## WORK INSTRUCTION:
Output every entry below word for word, minus the images.

◆ ◆ ◆

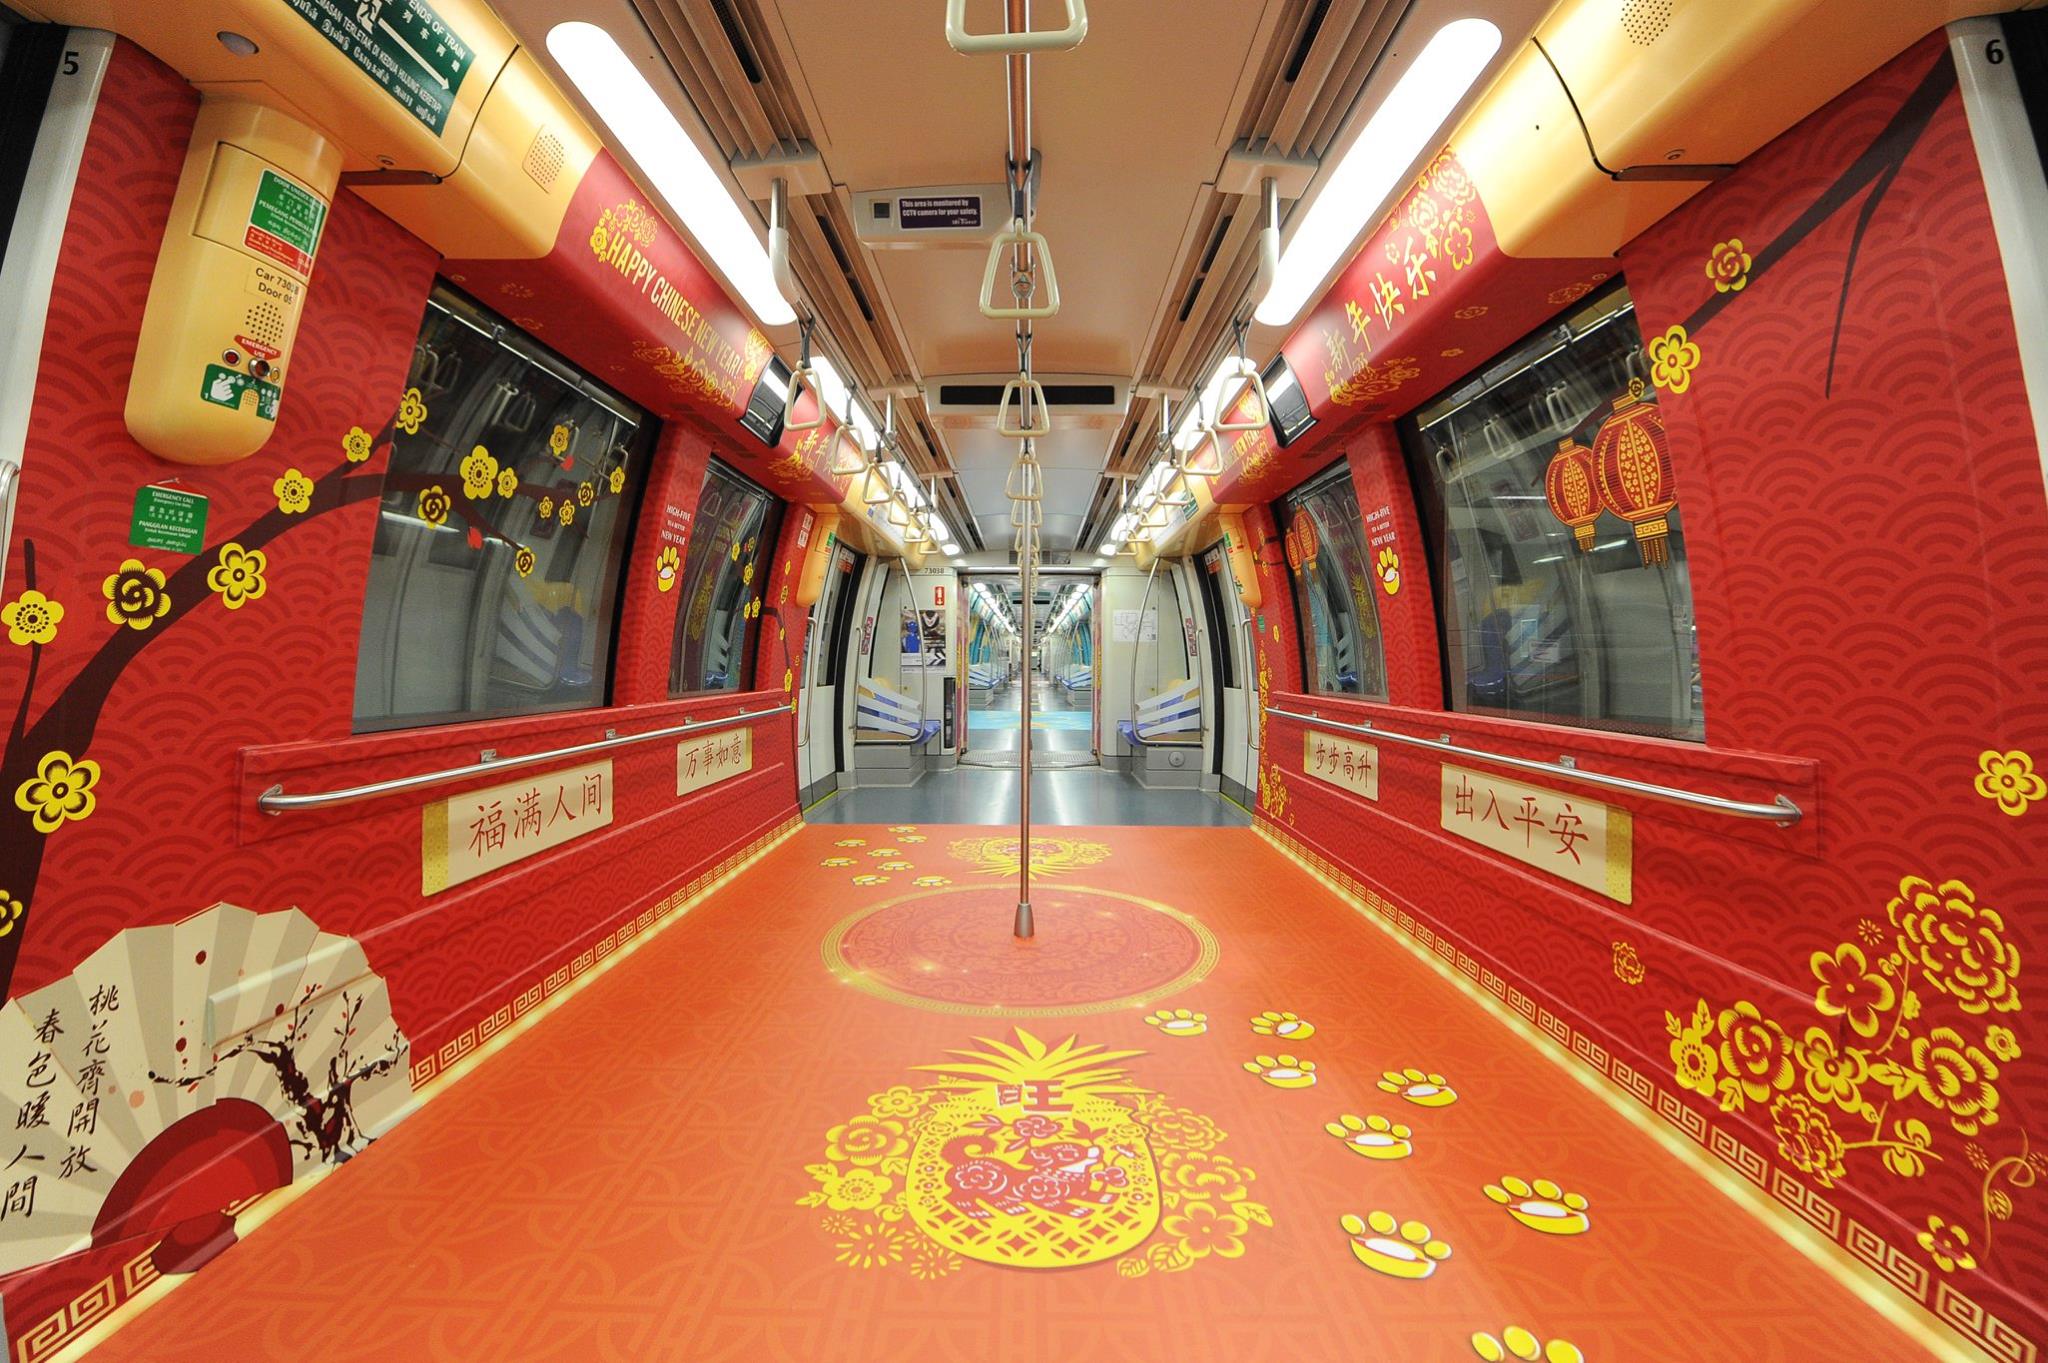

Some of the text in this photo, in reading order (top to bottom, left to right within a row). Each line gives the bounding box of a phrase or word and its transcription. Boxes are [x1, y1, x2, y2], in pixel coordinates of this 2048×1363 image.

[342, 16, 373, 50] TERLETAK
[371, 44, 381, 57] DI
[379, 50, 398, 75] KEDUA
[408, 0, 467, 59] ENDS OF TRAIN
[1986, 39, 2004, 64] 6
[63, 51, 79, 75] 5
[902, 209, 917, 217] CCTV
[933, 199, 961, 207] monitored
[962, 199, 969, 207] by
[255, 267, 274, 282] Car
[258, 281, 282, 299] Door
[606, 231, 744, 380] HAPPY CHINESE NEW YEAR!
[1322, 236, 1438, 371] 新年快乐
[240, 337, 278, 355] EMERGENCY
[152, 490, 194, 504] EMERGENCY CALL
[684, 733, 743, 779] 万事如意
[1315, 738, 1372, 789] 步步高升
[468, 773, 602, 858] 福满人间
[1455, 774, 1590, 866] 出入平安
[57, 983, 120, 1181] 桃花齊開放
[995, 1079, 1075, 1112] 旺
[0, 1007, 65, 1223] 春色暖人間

◆ ◆ ◆

## OUTPUT FOR THIS TASK:
Some of the text in this photo, in reading order (top to bottom, left to right within a row). Each line gives the bounding box of a phrase or word and its transcription. Boxes are [x1, y1, x2, y2], in pixel coordinates of this 2048×1363 image.

[342, 16, 373, 50] TERLETAK
[371, 44, 381, 57] DI
[379, 50, 398, 75] KEDUA
[408, 0, 467, 59] ENDS OF TRAIN
[1986, 39, 2004, 64] 6
[63, 51, 79, 75] 5
[902, 209, 917, 217] CCTV
[933, 199, 961, 207] monitored
[962, 199, 969, 207] by
[255, 267, 274, 282] Car
[258, 281, 282, 299] Door
[606, 231, 744, 380] HAPPY CHINESE NEW YEAR!
[1322, 236, 1438, 371] 新年快乐
[240, 337, 278, 355] EMERGENCY
[152, 490, 194, 504] EMERGENCY CALL
[684, 733, 743, 779] 万事如意
[1315, 738, 1372, 789] 步步高升
[468, 773, 602, 858] 福满人间
[1455, 774, 1590, 866] 出入平安
[57, 983, 120, 1181] 桃花齊開放
[995, 1079, 1075, 1112] 旺
[0, 1007, 65, 1223] 春色暖人間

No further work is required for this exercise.